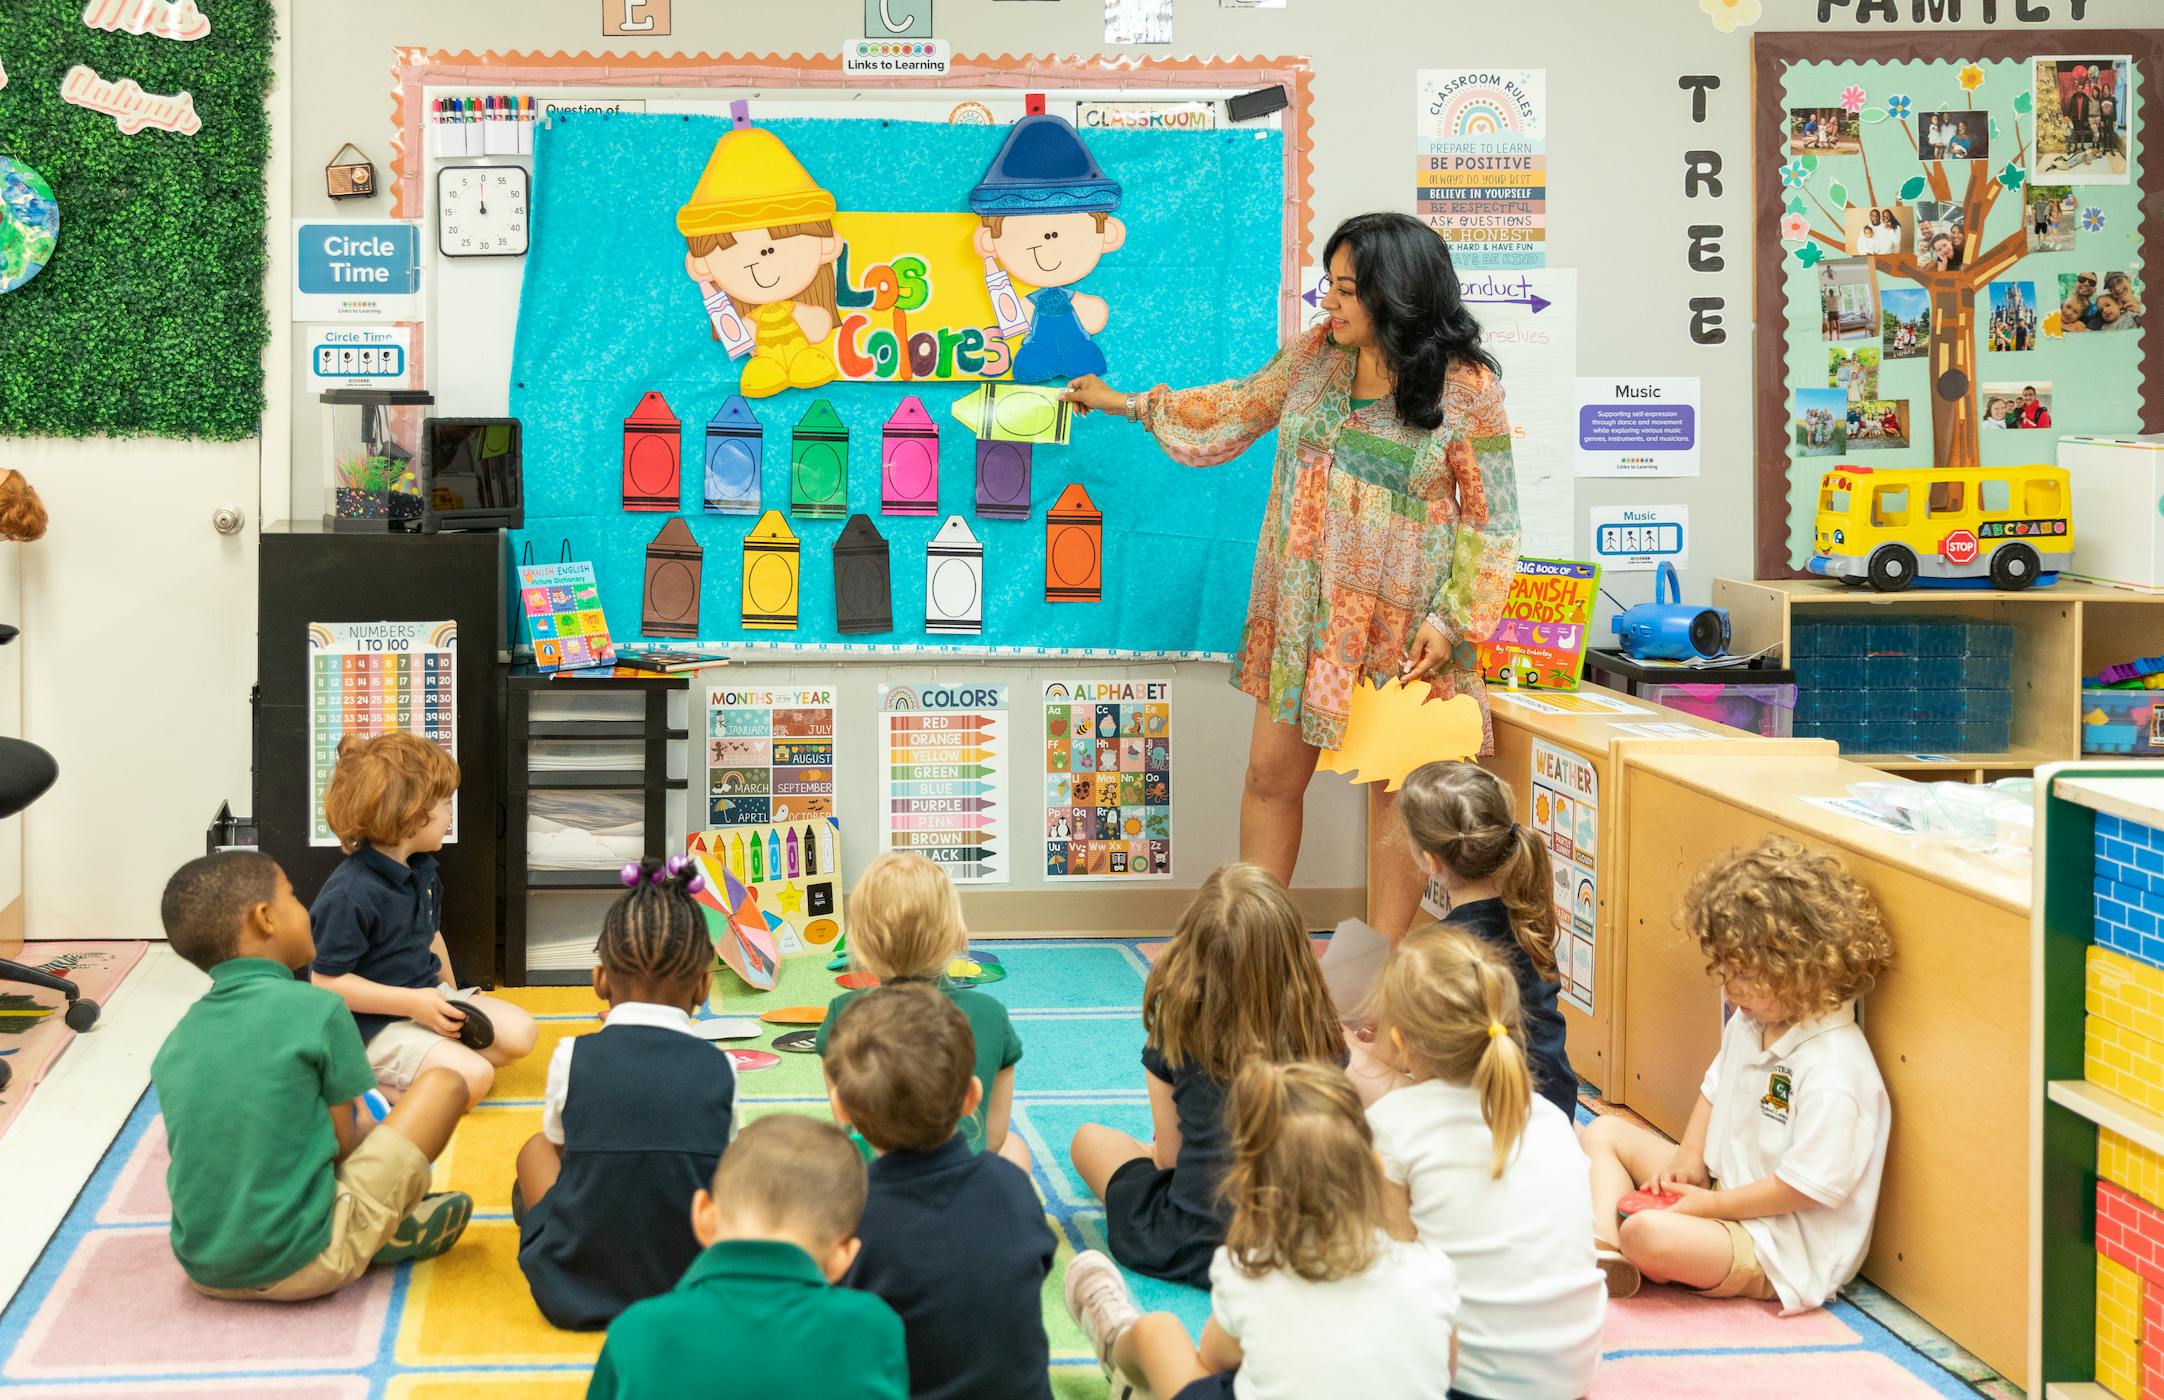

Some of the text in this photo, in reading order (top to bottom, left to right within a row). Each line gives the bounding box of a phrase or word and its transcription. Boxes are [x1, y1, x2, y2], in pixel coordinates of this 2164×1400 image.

[848, 59, 944, 72] Links to Learning
[1430, 73, 1533, 118] CLASSROOM RULES
[546, 104, 620, 114] Question of
[1086, 110, 1206, 127] CLASSROOM
[1430, 143, 1532, 154] PREPARE TO LEARN
[1431, 157, 1531, 170] BE POSITIVE
[498, 177, 507, 185] 55
[1467, 175, 1479, 184] DO
[1430, 189, 1532, 199] BELIEVE IN YOURSELF
[444, 208, 453, 216] 15
[1431, 202, 1532, 214] BE RESPECTFUL
[1430, 216, 1532, 227] ASK QUESTIONS
[448, 226, 458, 234] 20
[1435, 229, 1533, 241] E HONEST
[324, 236, 395, 257] Circle
[461, 239, 471, 247] 25
[479, 242, 489, 250] 30
[498, 238, 507, 246] 35
[1483, 254, 1500, 265] BE
[1503, 254, 1538, 265] KIND
[330, 262, 390, 282] Time
[836, 241, 929, 311] Los
[1460, 274, 1533, 298] onduct
[325, 332, 360, 342] Circle
[1482, 320, 1550, 344] urselves
[838, 306, 1013, 381] Colores
[1615, 385, 1661, 398] Music
[1597, 410, 1678, 418] Supporting self-expression
[1610, 427, 1640, 435] exploring
[1624, 511, 1656, 521] Music
[1949, 542, 1973, 552] STOP
[557, 565, 590, 575] ENGLISH
[1516, 561, 1571, 575] BIG BOOK OF
[1508, 577, 1578, 606] PANISH
[349, 625, 415, 638] NUMBERS
[365, 640, 383, 651] TO
[387, 639, 409, 650] 100
[440, 658, 450, 667] 10
[399, 676, 451, 685] 17 19 20
[1074, 683, 1167, 700] ALPHABET
[357, 694, 451, 704] 24 27 29 30
[711, 692, 773, 705] MONTHS
[793, 691, 830, 704] YEAR
[922, 689, 999, 708] COLORS
[1048, 705, 1157, 715] Aa Cc Ee
[425, 712, 451, 721] 39 40
[922, 716, 949, 729] RED
[726, 725, 769, 735] JANUARY
[808, 724, 832, 735] JULY
[910, 733, 962, 746] ORANGE
[1048, 740, 1059, 749] Ff
[1072, 740, 1085, 750] Gg
[1096, 740, 1109, 748] Hh
[792, 754, 832, 764] AUGUST
[912, 750, 960, 762] YELLOW
[914, 766, 959, 779] GREEN
[1536, 749, 1592, 795] WEATHER
[1096, 774, 1160, 782] Mm Nn Oo
[734, 783, 769, 793] MARCH
[777, 783, 832, 793] SEPTEMBER
[920, 783, 953, 795] BLUE
[911, 800, 962, 812] PURPLE
[737, 813, 769, 823] APRIL
[788, 812, 832, 821] OCTOBER
[1048, 808, 1108, 819] Pp Qq Rr
[919, 816, 955, 828] PINK
[911, 832, 962, 845] BROWN
[1048, 841, 1162, 851] Uu Ww Xx Zz

* [WORK ORDER]: Which of the lines above hold the string "CLASSROOM"? Pick each of them out.

* [SOLUTION TO THE PROBLEM]:
[1430, 73, 1533, 118] CLASSROOM RULES
[1086, 110, 1206, 127] CLASSROOM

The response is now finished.